ASSIGNMENT: Please give an exact printout of the records, without any pictures.

RECORDS SHOWN:

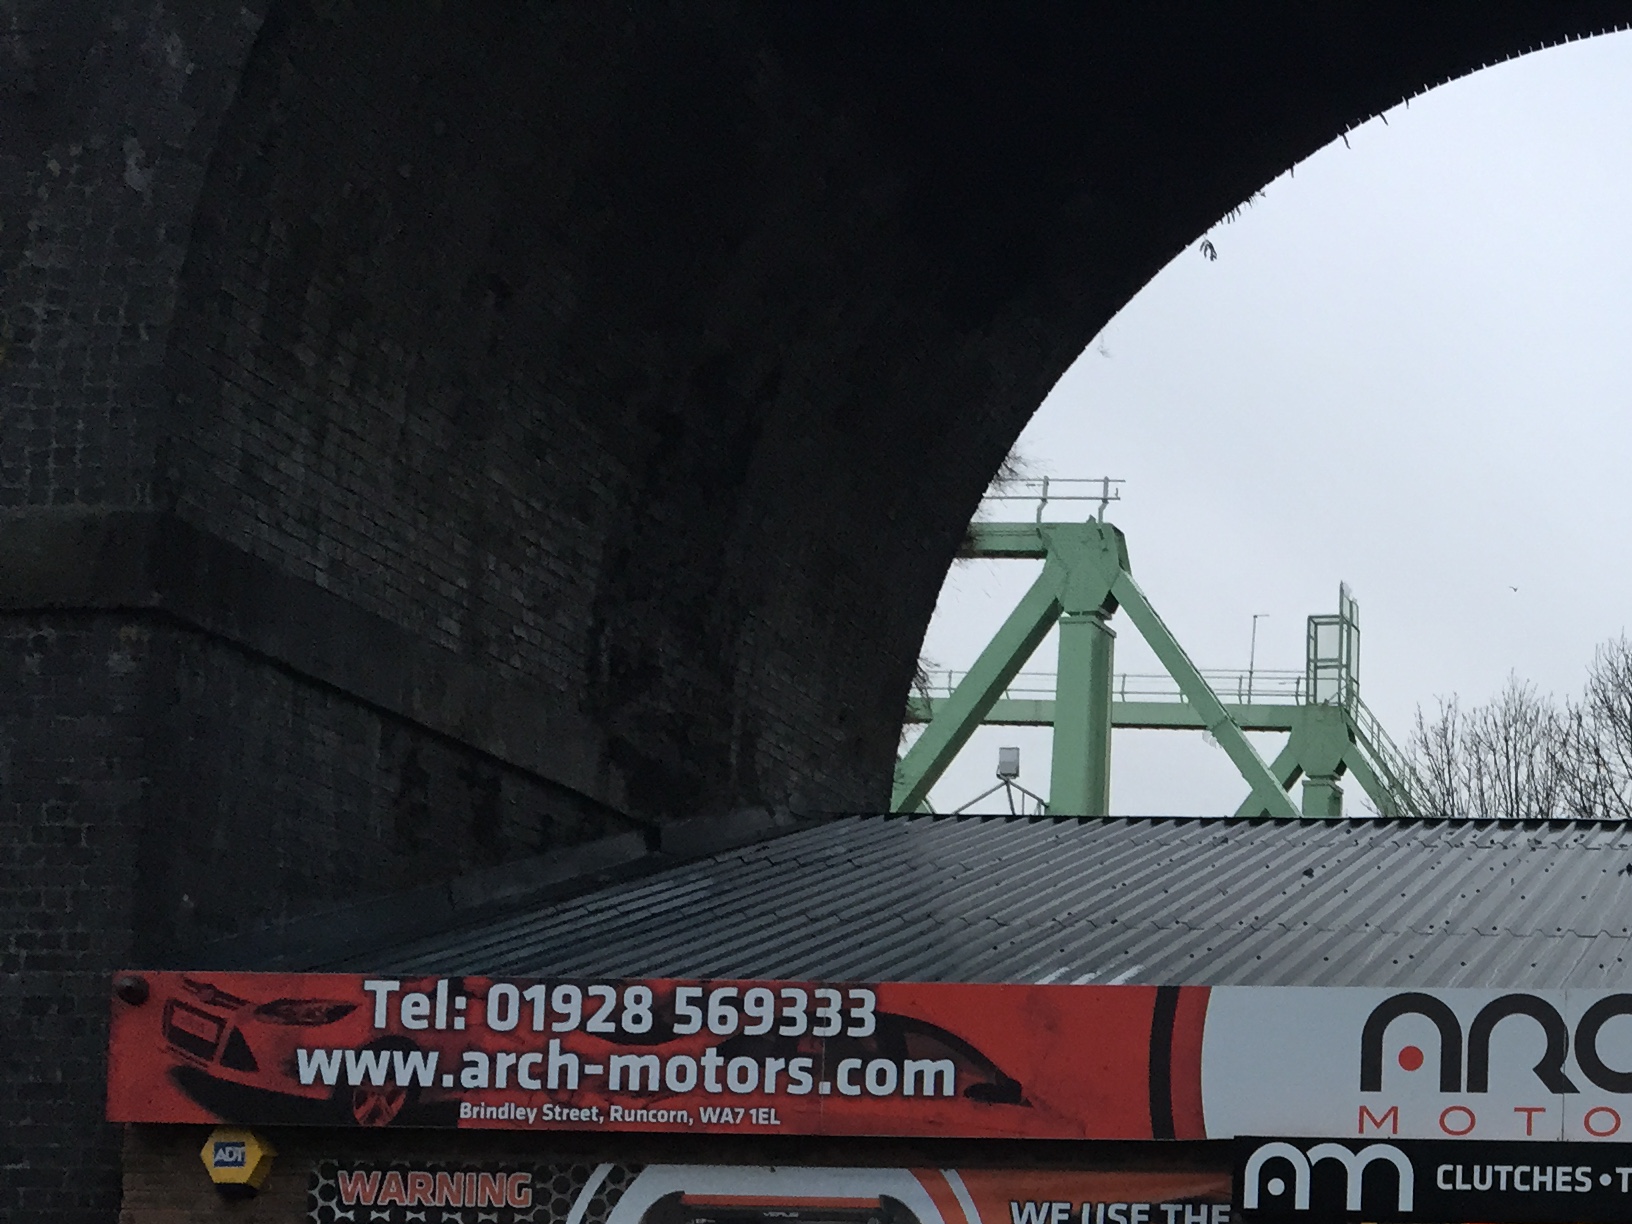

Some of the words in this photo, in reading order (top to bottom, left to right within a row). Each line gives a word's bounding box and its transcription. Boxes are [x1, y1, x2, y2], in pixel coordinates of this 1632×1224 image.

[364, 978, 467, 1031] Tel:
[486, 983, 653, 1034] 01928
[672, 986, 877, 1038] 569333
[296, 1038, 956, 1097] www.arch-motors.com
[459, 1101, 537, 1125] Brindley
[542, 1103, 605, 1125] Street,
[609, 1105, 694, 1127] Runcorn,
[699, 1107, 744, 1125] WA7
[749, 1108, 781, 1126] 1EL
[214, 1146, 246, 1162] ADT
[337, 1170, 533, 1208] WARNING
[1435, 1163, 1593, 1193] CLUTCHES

EXERCISE SOLUTION:
Some of the words in this photo, in reading order (top to bottom, left to right within a row). Each line gives a word's bounding box and its transcription. Boxes are [x1, y1, x2, y2], in pixel coordinates of this 1632×1224 image.

[364, 978, 467, 1031] Tel:
[486, 983, 653, 1034] 01928
[672, 986, 877, 1038] 569333
[296, 1038, 956, 1097] www.arch-motors.com
[459, 1101, 537, 1125] Brindley
[542, 1103, 605, 1125] Street,
[609, 1105, 694, 1127] Runcorn,
[699, 1107, 744, 1125] WA7
[749, 1108, 781, 1126] 1EL
[214, 1146, 246, 1162] ADT
[337, 1170, 533, 1208] WARNING
[1435, 1163, 1593, 1193] CLUTCHES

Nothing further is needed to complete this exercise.